Your service's traffic is steadily growing, latency has increased a bit but it's within reason. One day you launch a new customer and the latency jumps through the roof causing an outage. What happened? You hit the knee.

Utilisation vs Latency

Utilisation increases cause exponential latency increases

When shopping in a supermarket we're used to seeing queues suddenly appear, where just a few minutes before people were passing straight through the checkouts. The exact same happens with production services as traffic ebbs and flows. Both these systems fall under queuing theory, whether it be a physical queue or a kernel network buffer.

Let's say that you can handle 10 requests per second one at a time, with each request taking 100ms to process. If you have on average one request per second coming in, then almost always there will be no other requests in progress and thus each request will usually only take 100ms. As the service gets busier there's a good chance that another request is being processed, so it'll need to queue up and and take 200ms sometimes. As it nears 10 requests per second, having to queue up behind several other requests is the norm and beyond that the queue will grow indefinitely!
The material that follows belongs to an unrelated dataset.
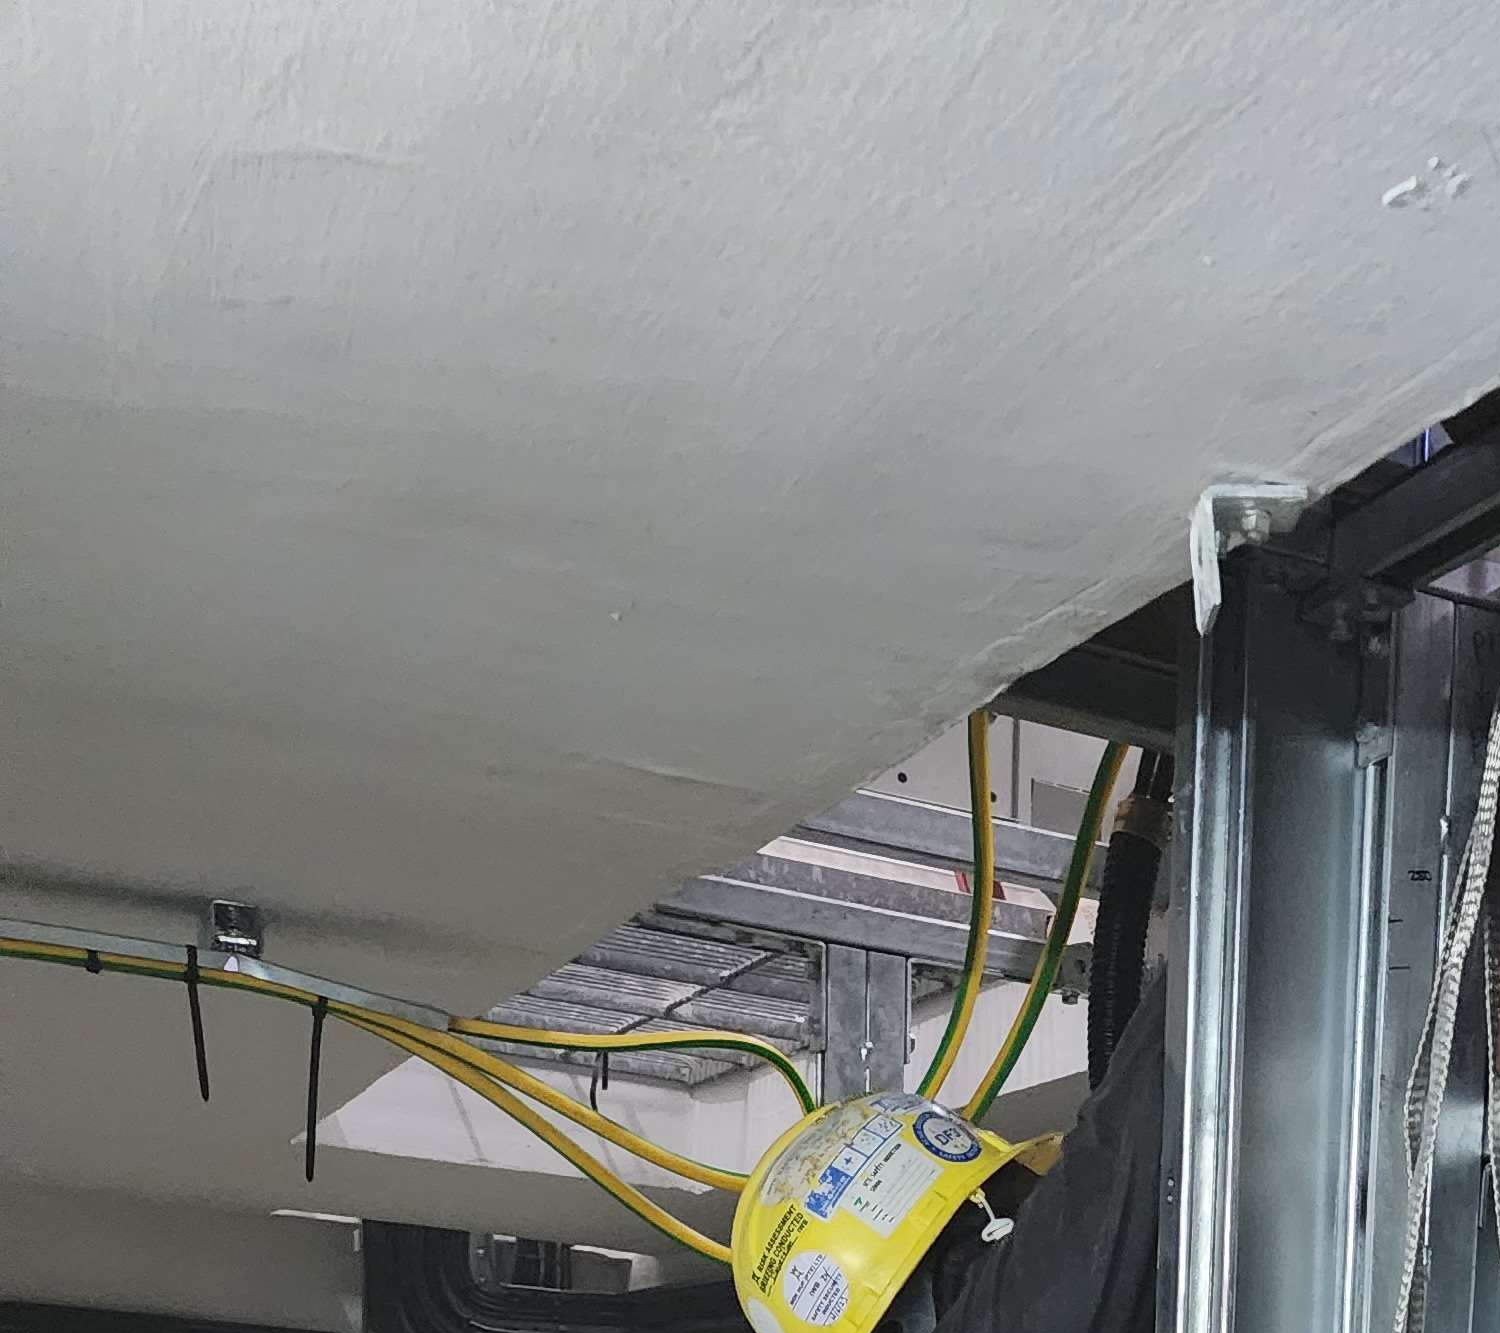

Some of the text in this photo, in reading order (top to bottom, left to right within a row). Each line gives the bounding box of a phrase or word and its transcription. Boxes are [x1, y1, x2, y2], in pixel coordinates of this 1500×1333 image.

This isn't a linear growth in response time. Similar to the Birthday Paradox, the more timeslots that are already taken the higher the chance that a request will bump into another request. The graph above shows how this grows with increased utilisation. The knee is the inflection point on the right, and that's what you usually want to avoid.
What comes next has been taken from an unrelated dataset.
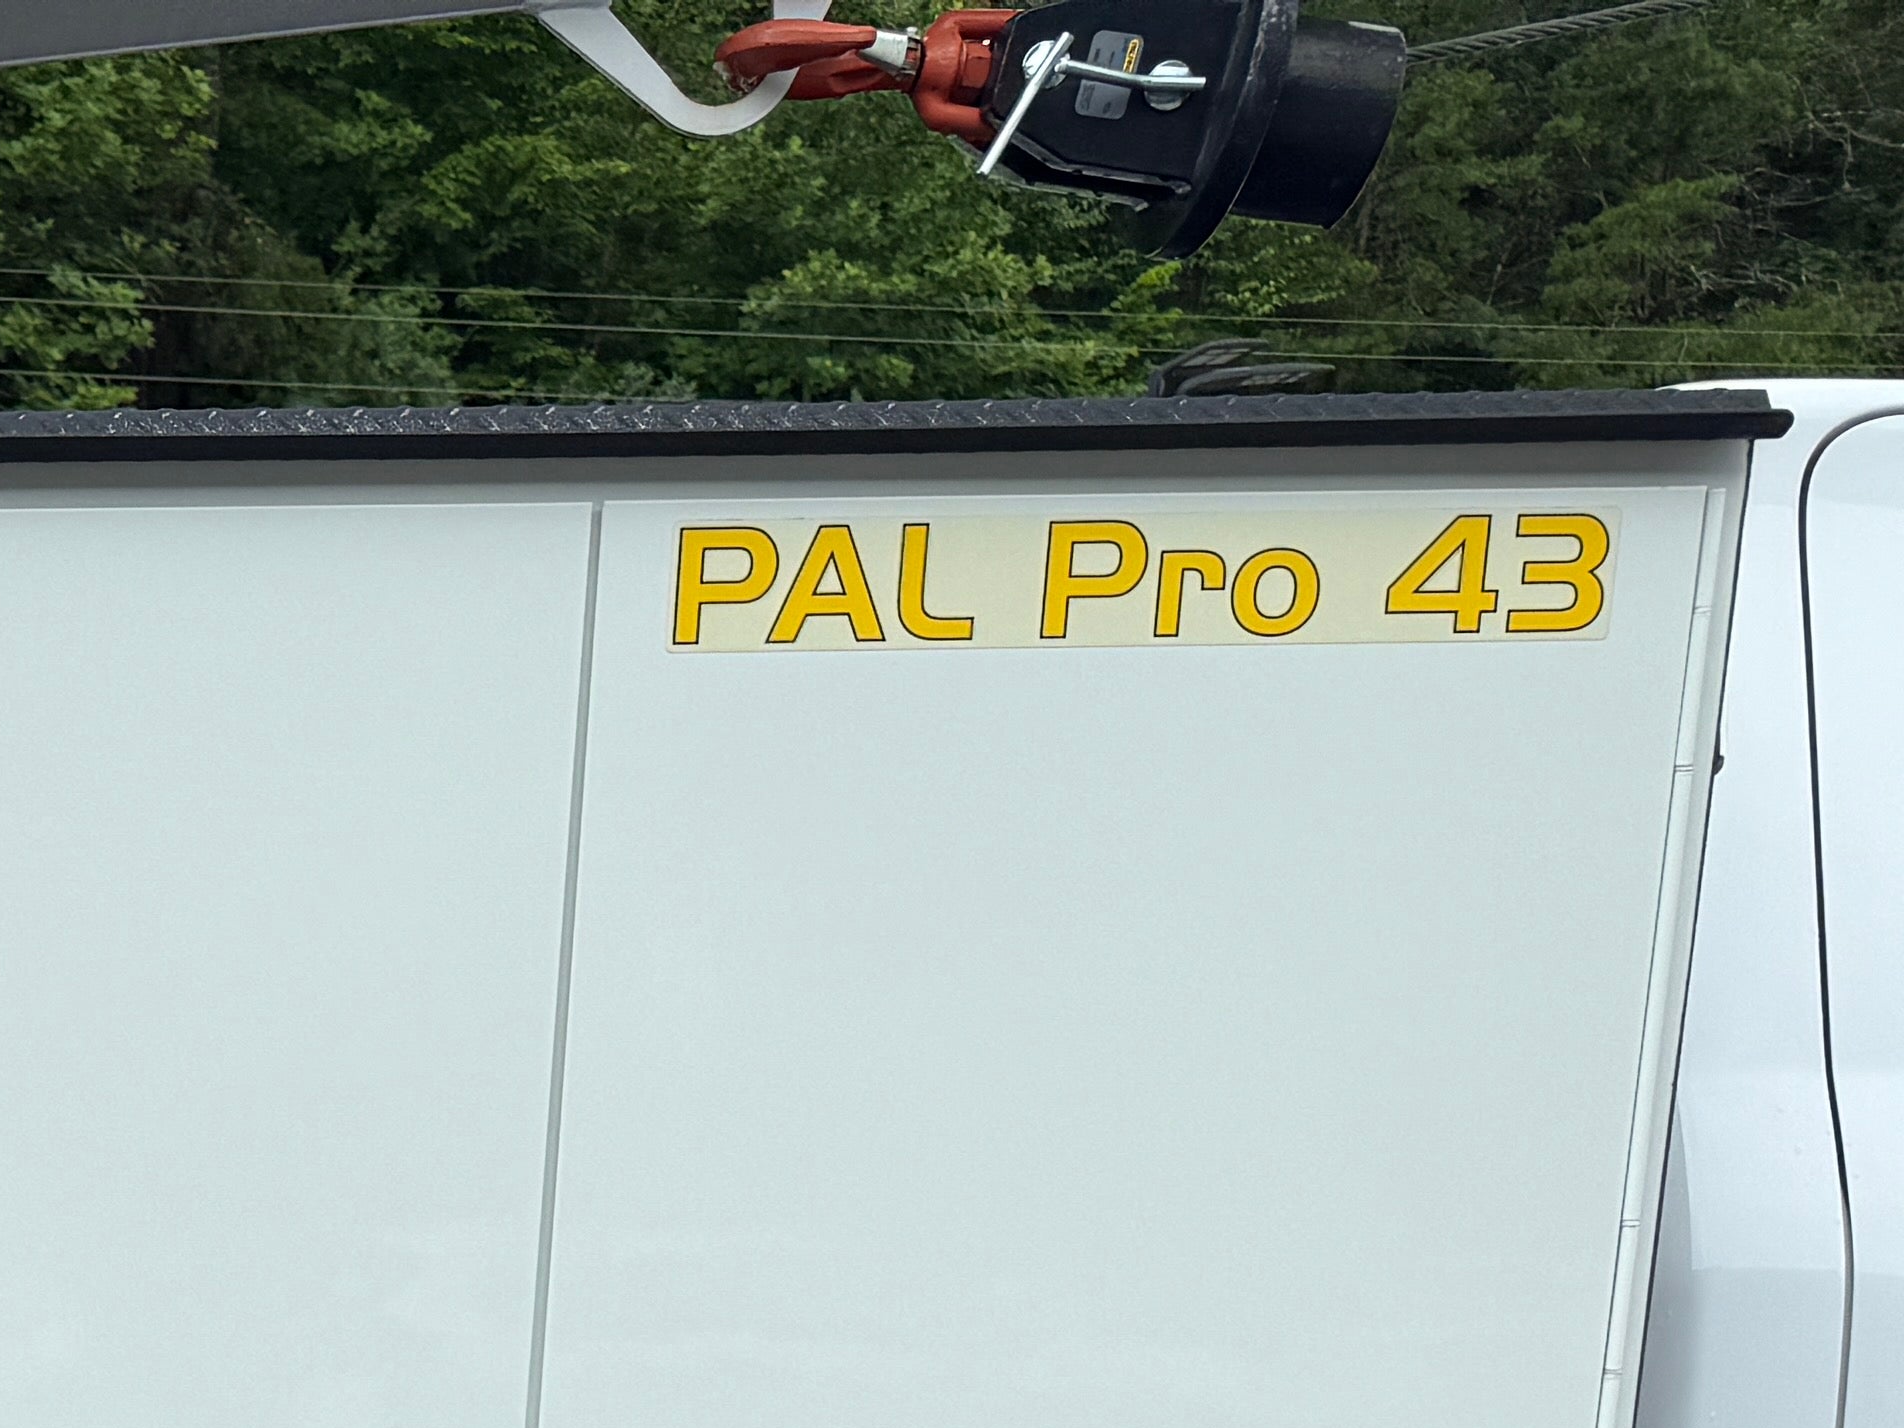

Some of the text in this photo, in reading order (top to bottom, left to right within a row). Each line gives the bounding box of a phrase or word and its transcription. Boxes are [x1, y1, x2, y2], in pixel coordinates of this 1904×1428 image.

[672, 513, 1611, 645] PAL Pro 43
For a very low latency system you may choose to operate on the left of the graph, spending money on machines to improve performance. Conversely if you can accept high latency then you might elect to run past the knee, saving money but needing safety measures like graceful degradation and load shedding to avoid a complete overload.
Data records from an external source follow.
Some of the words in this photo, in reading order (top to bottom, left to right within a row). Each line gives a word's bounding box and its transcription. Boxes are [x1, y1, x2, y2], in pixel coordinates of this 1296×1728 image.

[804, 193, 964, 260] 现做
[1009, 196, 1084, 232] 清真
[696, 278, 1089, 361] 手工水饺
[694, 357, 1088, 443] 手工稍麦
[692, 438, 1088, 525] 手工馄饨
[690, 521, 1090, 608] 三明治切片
All this is just the implications of queuing theory. With a queue of requests building up other problems may arise, such as increased lock contention or the request handling part of your application being O(n2) in the number of pending requests.


When doing provisioning and capacity planning, it's convenient to pretend that everything is linear. If you ever see a 10% increase in traffic result in much more than a 10% increase in latency though, you're approaching the knee. Be wary in that case, as the next launch or machine failure could tip you over past the knee.